THE DATA Block Start

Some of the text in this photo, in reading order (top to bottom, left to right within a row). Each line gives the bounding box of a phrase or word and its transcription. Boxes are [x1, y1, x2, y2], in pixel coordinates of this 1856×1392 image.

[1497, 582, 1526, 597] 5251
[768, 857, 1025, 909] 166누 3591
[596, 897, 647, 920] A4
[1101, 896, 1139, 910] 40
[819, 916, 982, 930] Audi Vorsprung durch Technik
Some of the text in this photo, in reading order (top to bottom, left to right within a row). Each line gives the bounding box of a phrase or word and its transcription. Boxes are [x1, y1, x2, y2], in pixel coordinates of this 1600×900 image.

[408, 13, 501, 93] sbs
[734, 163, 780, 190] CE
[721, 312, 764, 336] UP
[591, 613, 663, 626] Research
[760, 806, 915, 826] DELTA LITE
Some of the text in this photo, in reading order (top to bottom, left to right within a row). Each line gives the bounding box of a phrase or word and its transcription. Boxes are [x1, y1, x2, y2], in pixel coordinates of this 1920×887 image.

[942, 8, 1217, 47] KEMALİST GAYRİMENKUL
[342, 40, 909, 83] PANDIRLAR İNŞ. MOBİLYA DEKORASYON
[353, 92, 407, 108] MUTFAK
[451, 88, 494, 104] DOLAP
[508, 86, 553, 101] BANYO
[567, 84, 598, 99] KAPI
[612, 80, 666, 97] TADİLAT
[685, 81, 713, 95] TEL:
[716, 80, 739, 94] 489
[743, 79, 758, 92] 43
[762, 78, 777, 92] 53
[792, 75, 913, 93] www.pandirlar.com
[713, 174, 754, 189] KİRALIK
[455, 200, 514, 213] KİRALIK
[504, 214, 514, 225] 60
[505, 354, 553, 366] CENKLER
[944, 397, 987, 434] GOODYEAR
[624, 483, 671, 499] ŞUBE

THE DATA Block End

### YOUR OBJECTIVE:
Copy out the data exactly as it stands, leaving nothing out.

### SOLUTION FOR THIS PROBLEM:
Some of the text in this photo, in reading order (top to bottom, left to right within a row). Each line gives the bounding box of a phrase or word and its transcription. Boxes are [x1, y1, x2, y2], in pixel coordinates of this 1856×1392 image.

[1497, 582, 1526, 597] 5251
[768, 857, 1025, 909] 166누 3591
[596, 897, 647, 920] A4
[1101, 896, 1139, 910] 40
[819, 916, 982, 930] Audi Vorsprung durch Technik
Some of the text in this photo, in reading order (top to bottom, left to right within a row). Each line gives the bounding box of a phrase or word and its transcription. Boxes are [x1, y1, x2, y2], in pixel coordinates of this 1600×900 image.

[408, 13, 501, 93] sbs
[734, 163, 780, 190] CE
[721, 312, 764, 336] UP
[591, 613, 663, 626] Research
[760, 806, 915, 826] DELTA LITE
Some of the text in this photo, in reading order (top to bottom, left to right within a row). Each line gives the bounding box of a phrase or word and its transcription. Boxes are [x1, y1, x2, y2], in pixel coordinates of this 1920×887 image.

[942, 8, 1217, 47] KEMALİST GAYRİMENKUL
[342, 40, 909, 83] PANDIRLAR İNŞ. MOBİLYA DEKORASYON
[353, 92, 407, 108] MUTFAK
[451, 88, 494, 104] DOLAP
[508, 86, 553, 101] BANYO
[567, 84, 598, 99] KAPI
[612, 80, 666, 97] TADİLAT
[685, 81, 713, 95] TEL:
[716, 80, 739, 94] 489
[743, 79, 758, 92] 43
[762, 78, 777, 92] 53
[792, 75, 913, 93] www.pandirlar.com
[713, 174, 754, 189] KİRALIK
[455, 200, 514, 213] KİRALIK
[504, 214, 514, 225] 60
[505, 354, 553, 366] CENKLER
[944, 397, 987, 434] GOODYEAR
[624, 483, 671, 499] ŞUBE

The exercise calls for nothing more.